** Opening Material shown block **
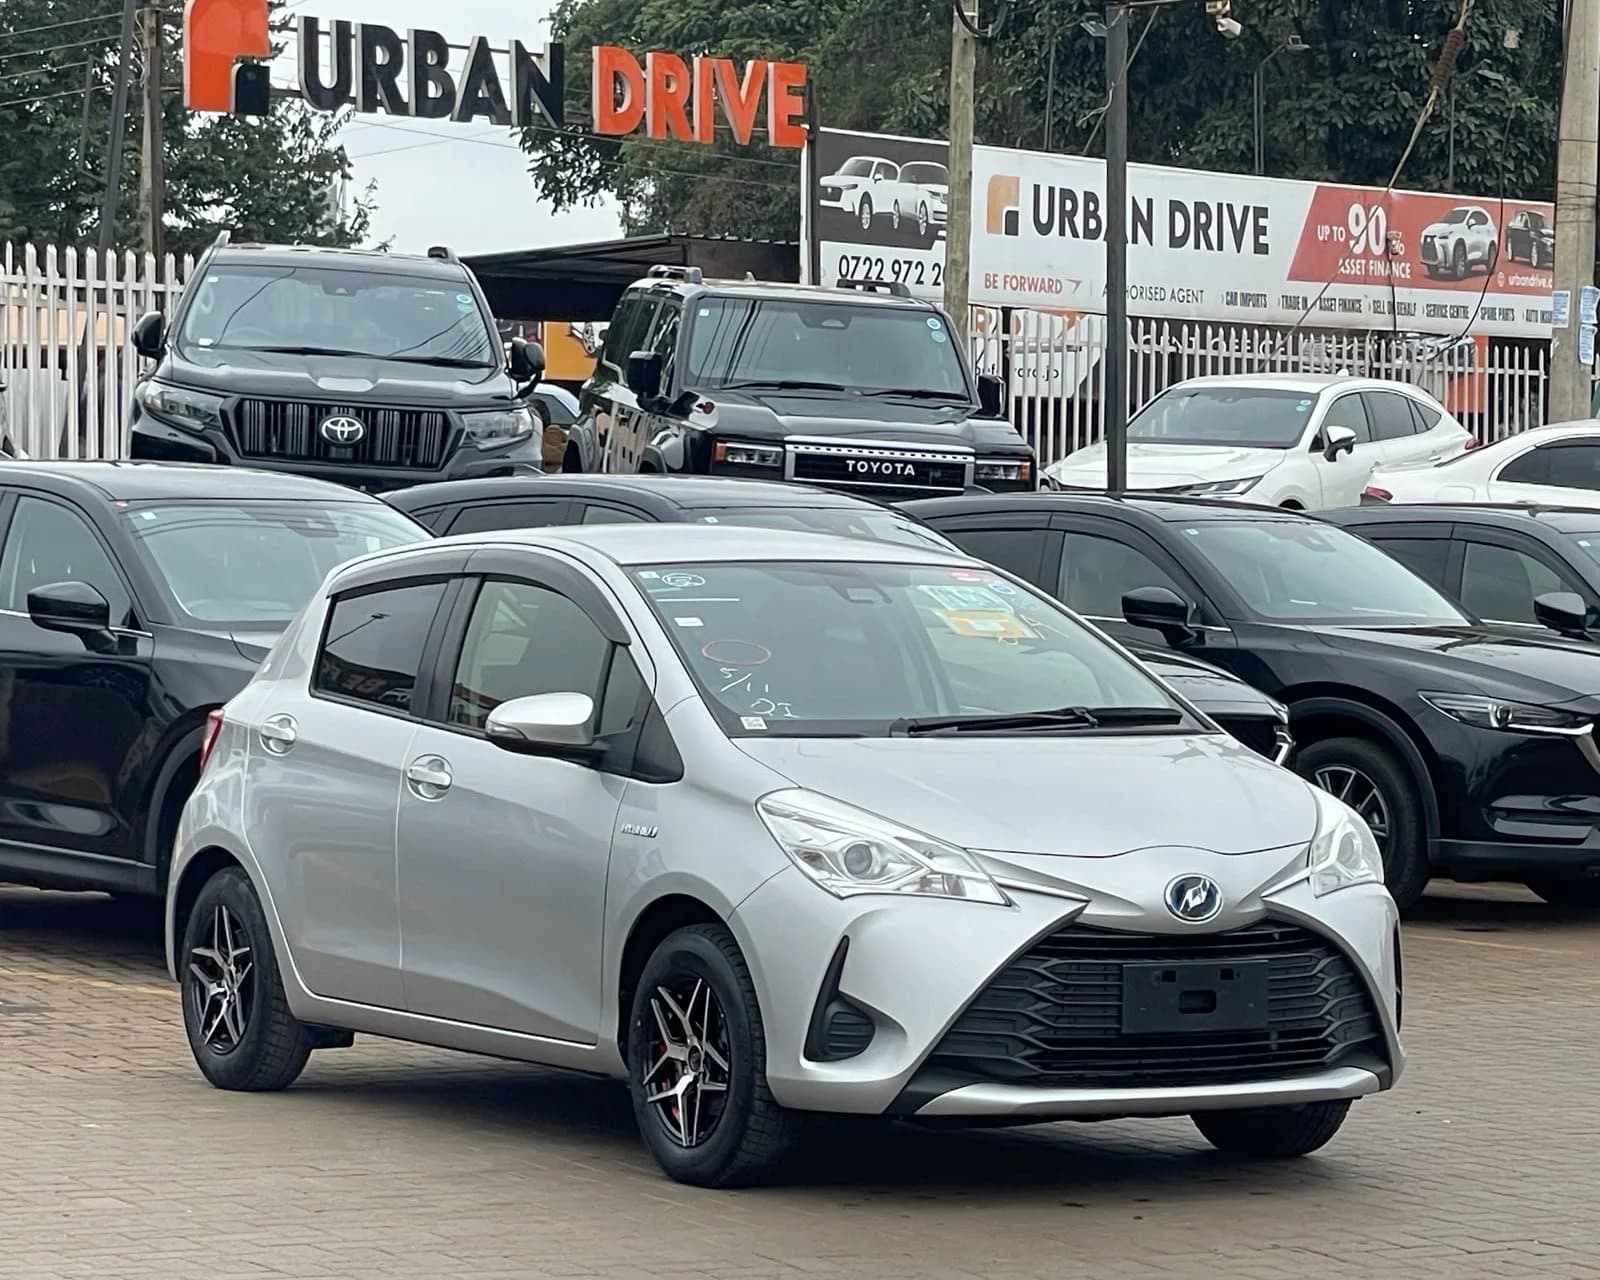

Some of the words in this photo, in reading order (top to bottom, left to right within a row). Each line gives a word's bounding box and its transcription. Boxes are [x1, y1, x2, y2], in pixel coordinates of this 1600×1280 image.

[297, 15, 565, 128] URBAN
[592, 45, 807, 148] DRIVE
[1033, 183, 1153, 246] URBN
[1169, 199, 1269, 255] DRIVE
[1317, 224, 1330, 241] UP
[1332, 226, 1346, 242] TO
[839, 255, 884, 281] 0722
[891, 259, 924, 285] 972
[1338, 258, 1366, 275] ASSET
[1369, 260, 1411, 279] FINANCE
[984, 273, 998, 289] BE
[1003, 275, 1062, 294] FORWARD
[1170, 288, 1204, 303] AGENT
[1240, 292, 1267, 308] IMPORTS
[1282, 295, 1300, 311] TRADE
[1426, 304, 1448, 319] SERVICE
[1449, 305, 1469, 320] CENTRE
[846, 460, 915, 476] TOYOTA
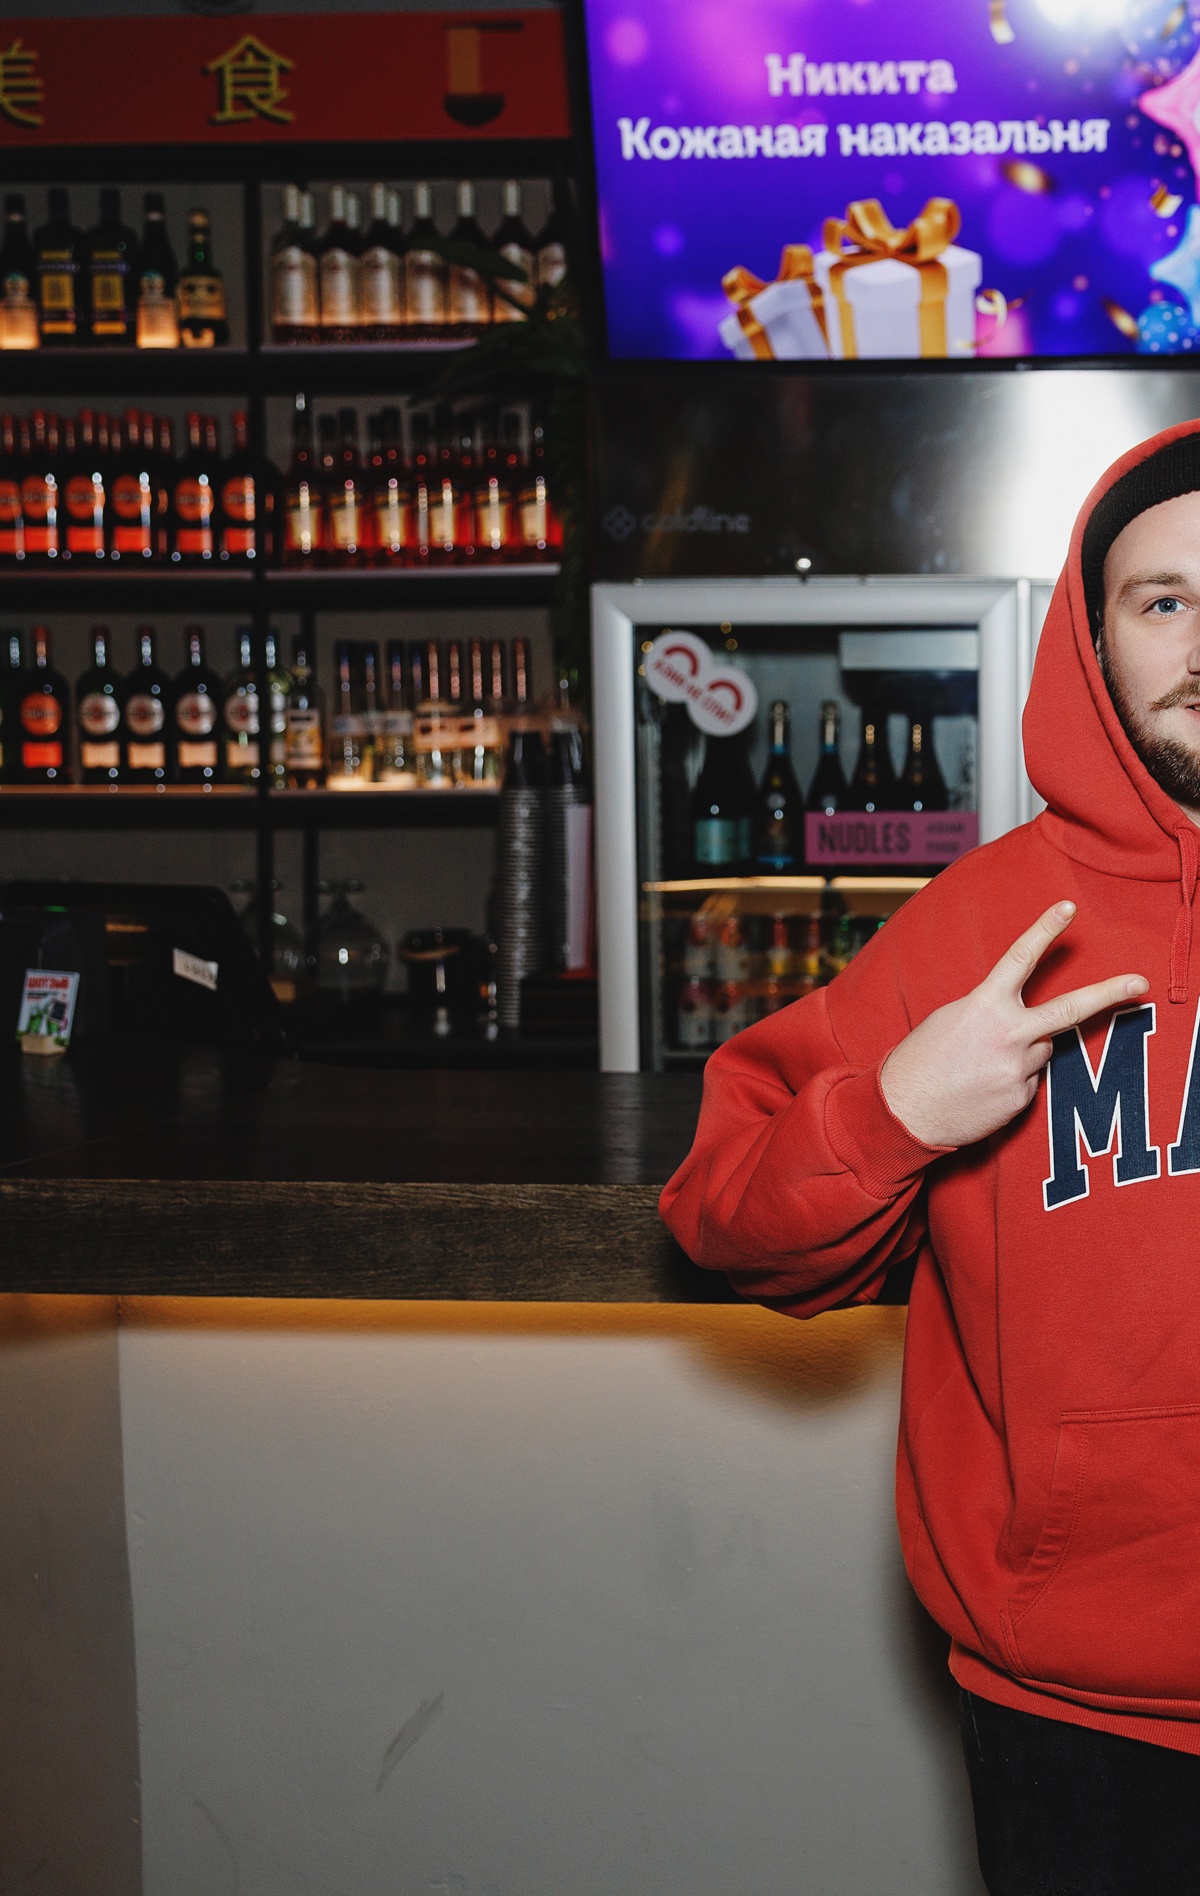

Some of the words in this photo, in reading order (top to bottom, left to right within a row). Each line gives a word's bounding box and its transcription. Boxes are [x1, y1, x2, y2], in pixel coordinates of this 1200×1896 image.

[764, 53, 957, 97] Никита
[617, 116, 828, 160] Кожаная
[837, 118, 1110, 157] наказальня
[817, 822, 911, 853] NUDLES
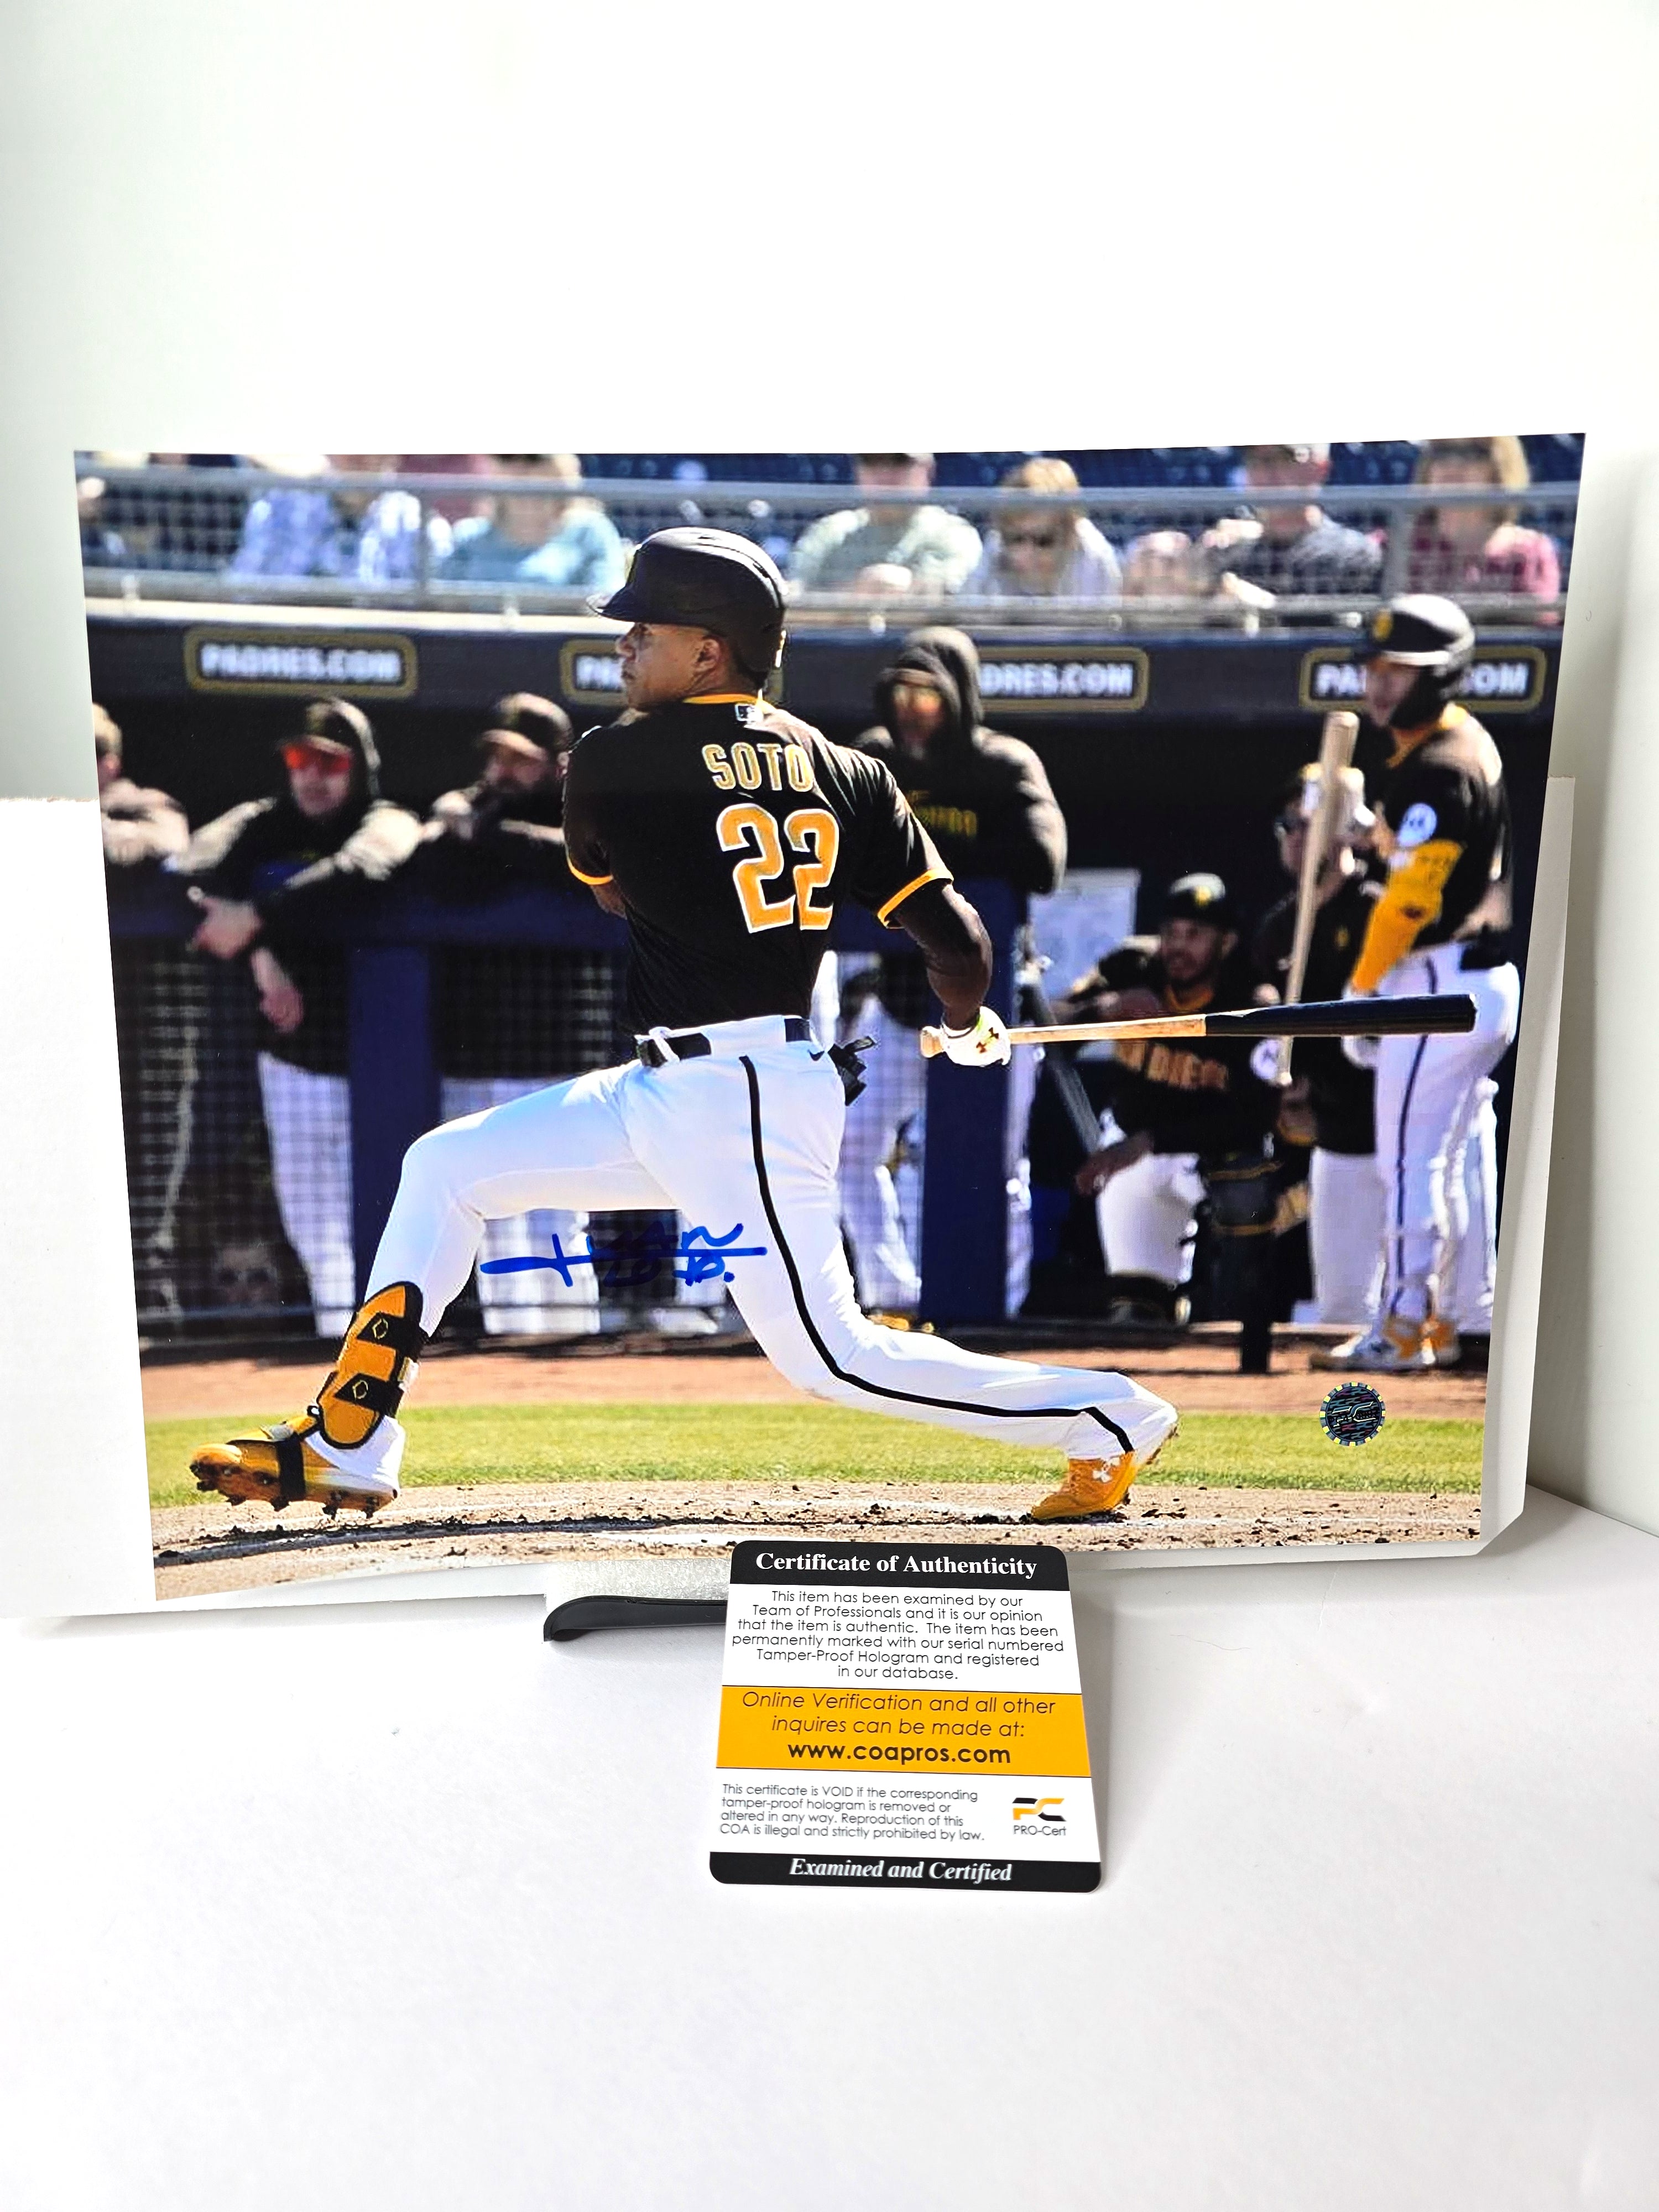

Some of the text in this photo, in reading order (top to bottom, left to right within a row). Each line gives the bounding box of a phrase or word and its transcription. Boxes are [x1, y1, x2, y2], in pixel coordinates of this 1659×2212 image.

[980, 663, 1133, 697] DRES.COM
[702, 742, 814, 792] SOTO
[716, 803, 839, 934] 22
[756, 1553, 1037, 1579] Certificate of Authenticity
[771, 1590, 1023, 1609] This item has been examined by our
[752, 1604, 1042, 1623] Team of Professionals and it is our opinion
[738, 1619, 1058, 1636] that the item is authentic. The item has been
[732, 1635, 1064, 1652] permanently marked with our serial numbered
[757, 1648, 1039, 1668] Tamper-Proof Hologram and registered
[838, 1664, 958, 1679] in our database.
[743, 1691, 1056, 1714] Online Verification and all other
[772, 1715, 1024, 1737] inquires can be made at:
[787, 1744, 1011, 1765] www.coapros.com
[723, 1783, 978, 1803] This certificate is VOID if the corresponding
[722, 1797, 951, 1813] tamper-proof hologram is removed or
[721, 1810, 963, 1827] altered in any way. Reproduction of this
[720, 1823, 985, 1842] COA is illegal and strictly prohibited by law.
[1013, 1825, 1067, 1836] PRO-Cert
[789, 1858, 1012, 1884] Examined and Certified
** Closing Material shown block **
-- Required work --
Copy every record above exactly, leaving out the pictures.

-- Result below --
Some of the words in this photo, in reading order (top to bottom, left to right within a row). Each line gives a word's bounding box and its transcription. Boxes are [x1, y1, x2, y2], in pixel coordinates of this 1600×1280 image.

[297, 15, 565, 128] URBAN
[592, 45, 807, 148] DRIVE
[1033, 183, 1153, 246] URBN
[1169, 199, 1269, 255] DRIVE
[1317, 224, 1330, 241] UP
[1332, 226, 1346, 242] TO
[839, 255, 884, 281] 0722
[891, 259, 924, 285] 972
[1338, 258, 1366, 275] ASSET
[1369, 260, 1411, 279] FINANCE
[984, 273, 998, 289] BE
[1003, 275, 1062, 294] FORWARD
[1170, 288, 1204, 303] AGENT
[1240, 292, 1267, 308] IMPORTS
[1282, 295, 1300, 311] TRADE
[1426, 304, 1448, 319] SERVICE
[1449, 305, 1469, 320] CENTRE
[846, 460, 915, 476] TOYOTA

Some of the words in this photo, in reading order (top to bottom, left to right within a row). Each line gives a word's bounding box and its transcription. Boxes are [x1, y1, x2, y2], in pixel coordinates of this 1200×1896 image.

[764, 53, 957, 97] Никита
[617, 116, 828, 160] Кожаная
[837, 118, 1110, 157] наказальня
[817, 822, 911, 853] NUDLES

Some of the text in this photo, in reading order (top to bottom, left to right within a row). Each line gives the bounding box of a phrase or word and its transcription. Boxes are [x1, y1, x2, y2], in pixel coordinates of this 1659×2212 image.

[980, 663, 1133, 697] DRES.COM
[702, 742, 814, 792] SOTO
[716, 803, 839, 934] 22
[756, 1553, 1037, 1579] Certificate of Authenticity
[771, 1590, 1023, 1609] This item has been examined by our
[752, 1604, 1042, 1623] Team of Professionals and it is our opinion
[738, 1619, 1058, 1636] that the item is authentic. The item has been
[732, 1635, 1064, 1652] permanently marked with our serial numbered
[757, 1648, 1039, 1668] Tamper-Proof Hologram and registered
[838, 1664, 958, 1679] in our database.
[743, 1691, 1056, 1714] Online Verification and all other
[772, 1715, 1024, 1737] inquires can be made at:
[787, 1744, 1011, 1765] www.coapros.com
[723, 1783, 978, 1803] This certificate is VOID if the corresponding
[722, 1797, 951, 1813] tamper-proof hologram is removed or
[721, 1810, 963, 1827] altered in any way. Reproduction of this
[720, 1823, 985, 1842] COA is illegal and strictly prohibited by law.
[1013, 1825, 1067, 1836] PRO-Cert
[789, 1858, 1012, 1884] Examined and Certified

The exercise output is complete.